Council President Charles Morgan pulled his proposal to adopt a redevelopment plan solely for the part of the Princeton Junction train station redevelopment area where parking garages will be built from the agenda during the council’s October 27 meeting.##M:[more]##
Instead, council sent the matter to the Parking Authority and the township finance committee for their recommendations.
Council members applauded the decision. Councilwoman Linda Geevers said she felt the township should stay the course of working on the redevelopment plan drafted by Hillier, citing the money already spent on consultant fees and work that has been done by township professionals in coordination with other county and state agencies, including the state Department of Transportation and New Jersey Transit.

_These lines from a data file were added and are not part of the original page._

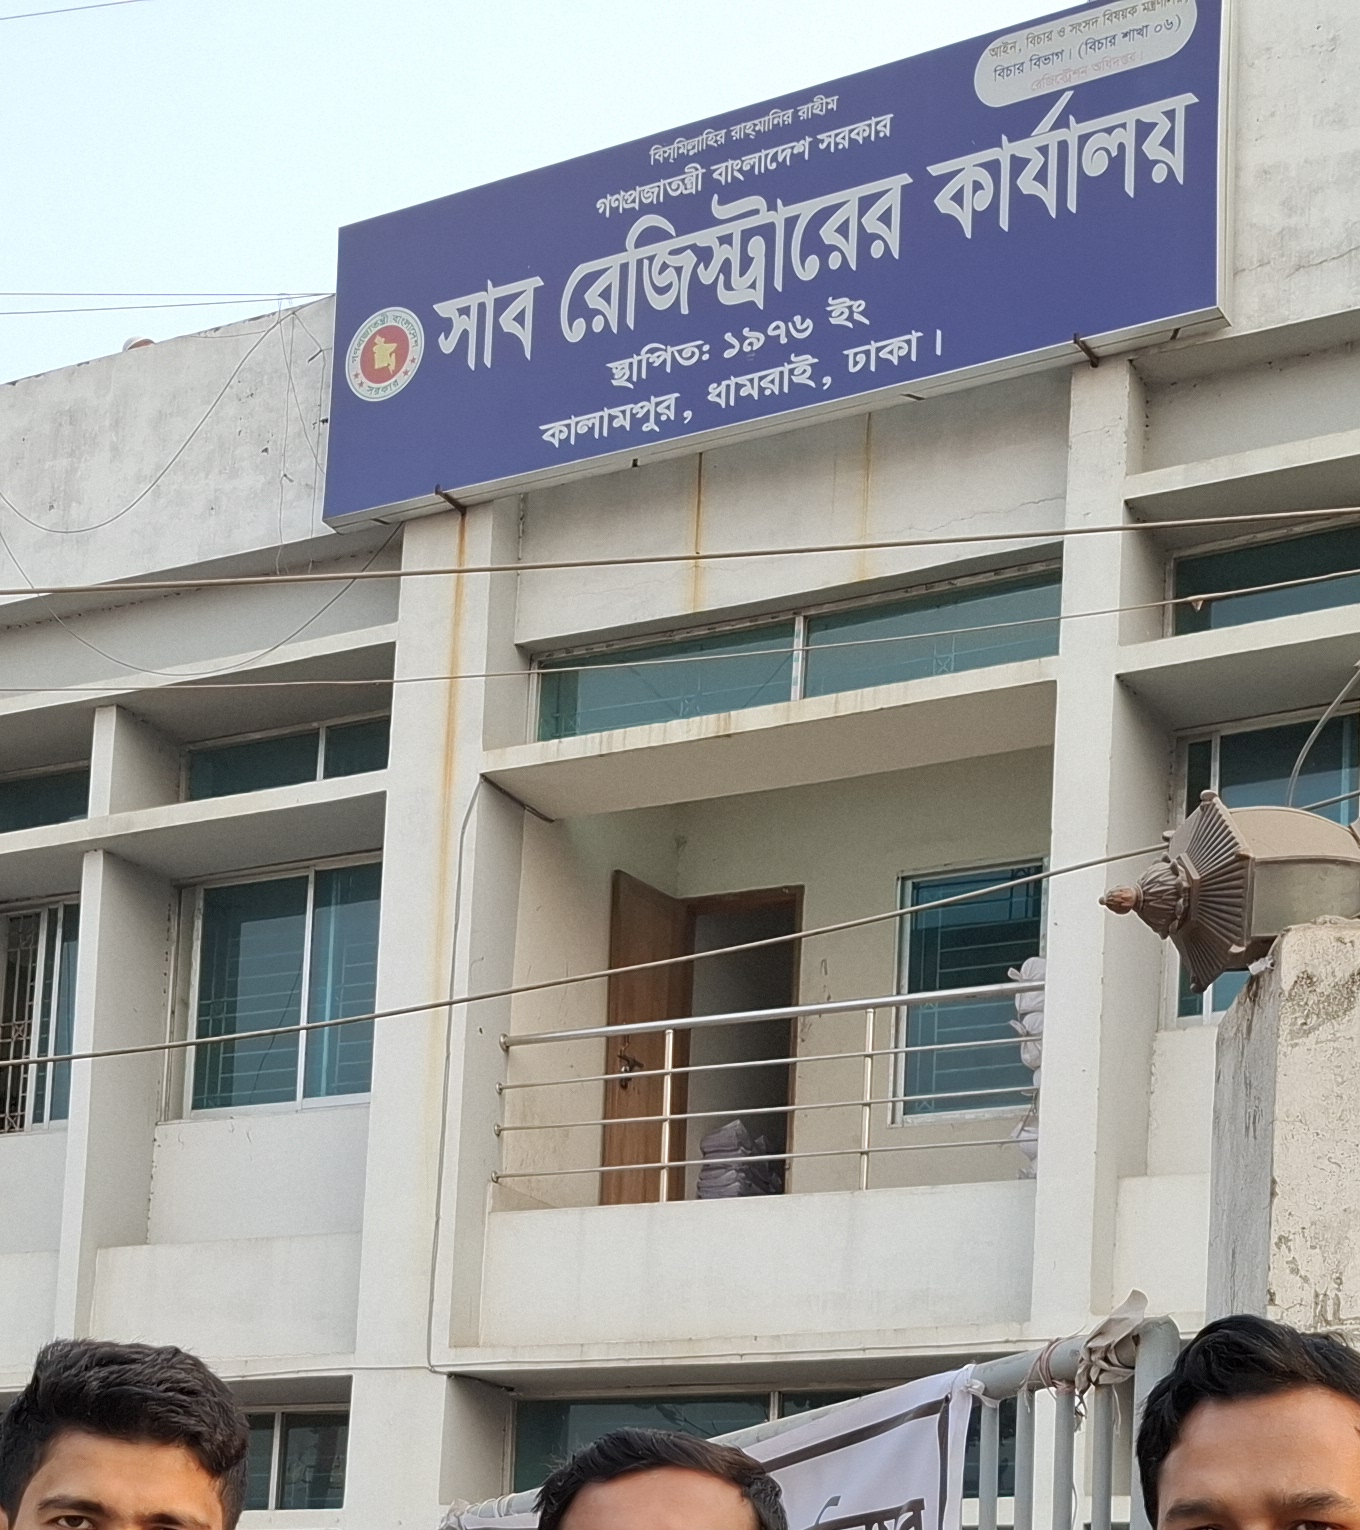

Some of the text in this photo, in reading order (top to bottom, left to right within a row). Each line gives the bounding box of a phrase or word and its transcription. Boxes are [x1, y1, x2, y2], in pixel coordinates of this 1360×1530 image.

[993, 61, 1025, 82] বিচার
[1121, 23, 1150, 43] শাখা
[1026, 32, 1053, 50] বিচার
[1068, 16, 1099, 35] সংসদ
[798, 94, 839, 121] রাহীম
[596, 113, 894, 218] গণপ্রজাতন্ত্রী বাংলাদেশ সরকার
[433, 90, 1200, 371] সাব রেজিস্ট্রারের কার্যালয়
[723, 314, 813, 358] ১৯৭৬
[825, 297, 870, 329] ইং

“Parking certainly is a top priority, and trying to figure out how the roads should go and the infrastructure is a priority, and always has been,” she said. “I’m worried that if we try to break off a piece of that, that we’re never going to have a comprehensive plan. I think we should stay the course, and finish our work, and get it wrapped up, if at all possible, by the end of this year, and get it to the planning board for their review.”

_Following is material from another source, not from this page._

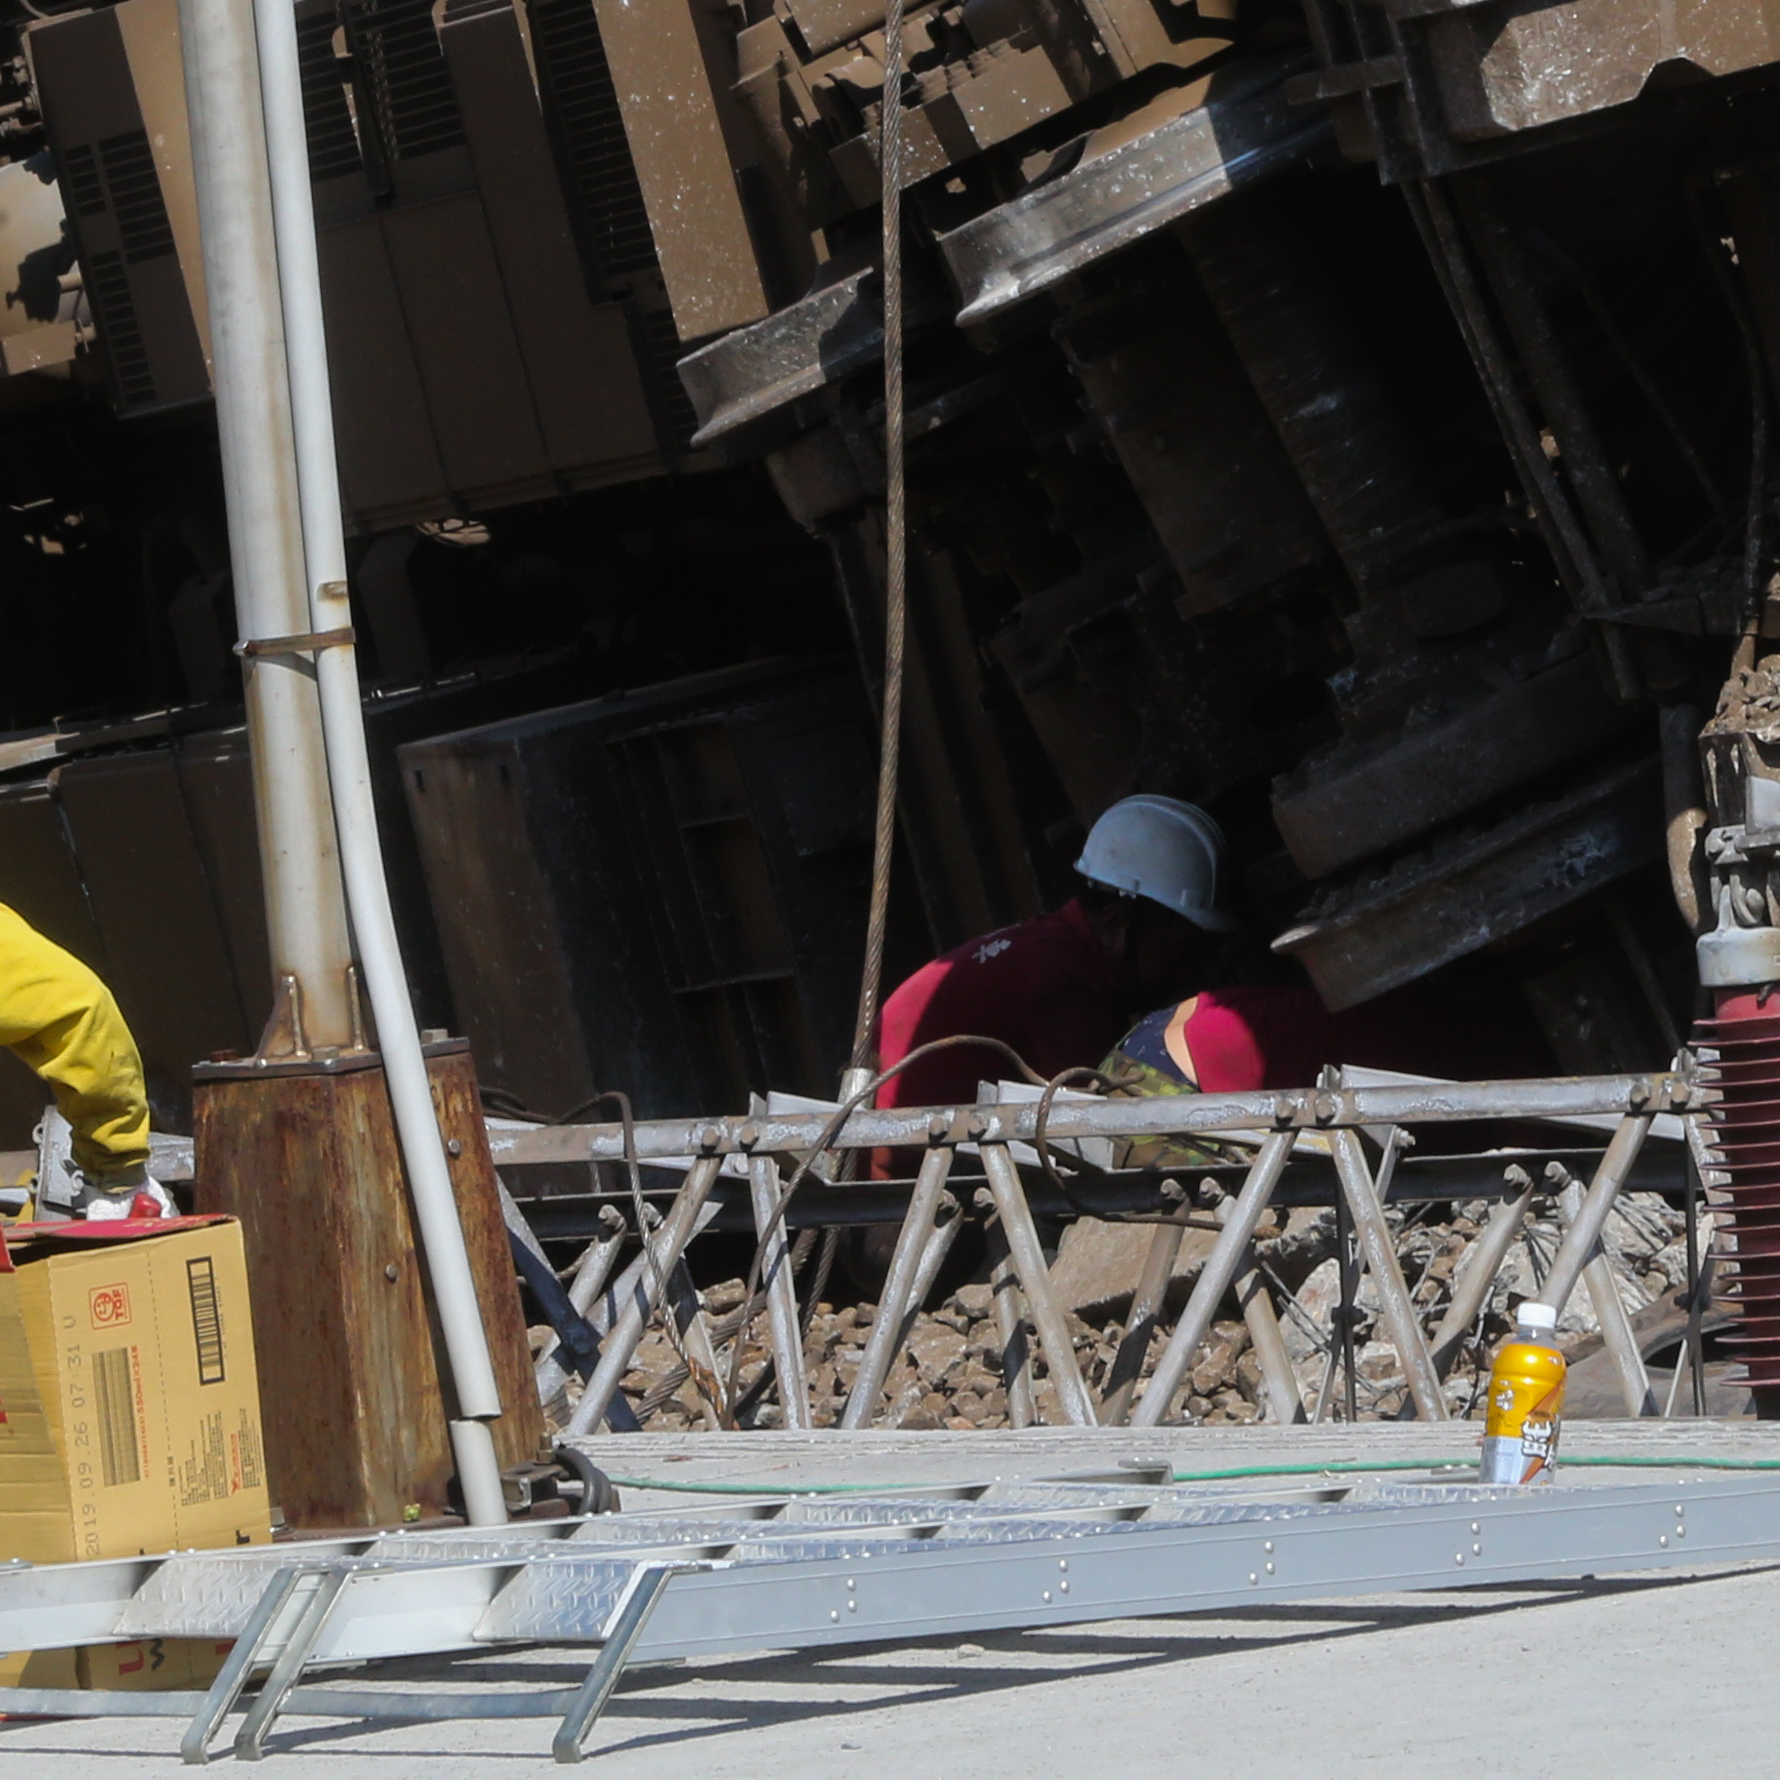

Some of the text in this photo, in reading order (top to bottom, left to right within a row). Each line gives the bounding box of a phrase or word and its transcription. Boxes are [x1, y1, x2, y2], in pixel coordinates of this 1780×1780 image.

“At some point, you have to keep moving this forward,” Geevers added. “I’m just worried about slowing the progress and going in circles with these kinds of conversations.”
Councilman Will Anklowitz and Councilwoman Heidi Kleinman also thanked Morgan for removing the topic from the agenda.
Morgan had said he felt that West Windsor officials were trying to do too much all at once in the redevelopment plan proposed by RMJM Hillier, and that was getting in the way of more parking for West Windsor residents. He had proposed, rather, that officials write the plan in “bite-sized, easy-to-digest chunks,” and that it begin with parking for residents. He had made the announcement a week prior, after council took its first look at Hillier’s draft plan during the October 21 presentation. He drafted the resolution after saying he had talked to Nexus, a firm specializing in the construction of parking garages around Central New Jersey. He said Nexus officials told him that once construction is begun, it will only take a year to build the parking garage.
Morgan also said that Nexus told him that the parking garage in Hamilton was built at no-cost to the Hamilton taxpayers, and that if the West Windsor Parking Authority is given the authority to do it immediately, it could have the engineering for a parking deck done within two months, approval from the state two months later, and the entire garage built in a year.
After removing the resolution from the agenda, Morgan said: “As great of an idea as I thought it was, I thought it would sell itself. Clearly the community did not understand it. We need to have everyone understand why it is good. And if it isn’t good, and I’ve missed something, then to move on to the recommendation of the parking authority and finance committee would make sense.”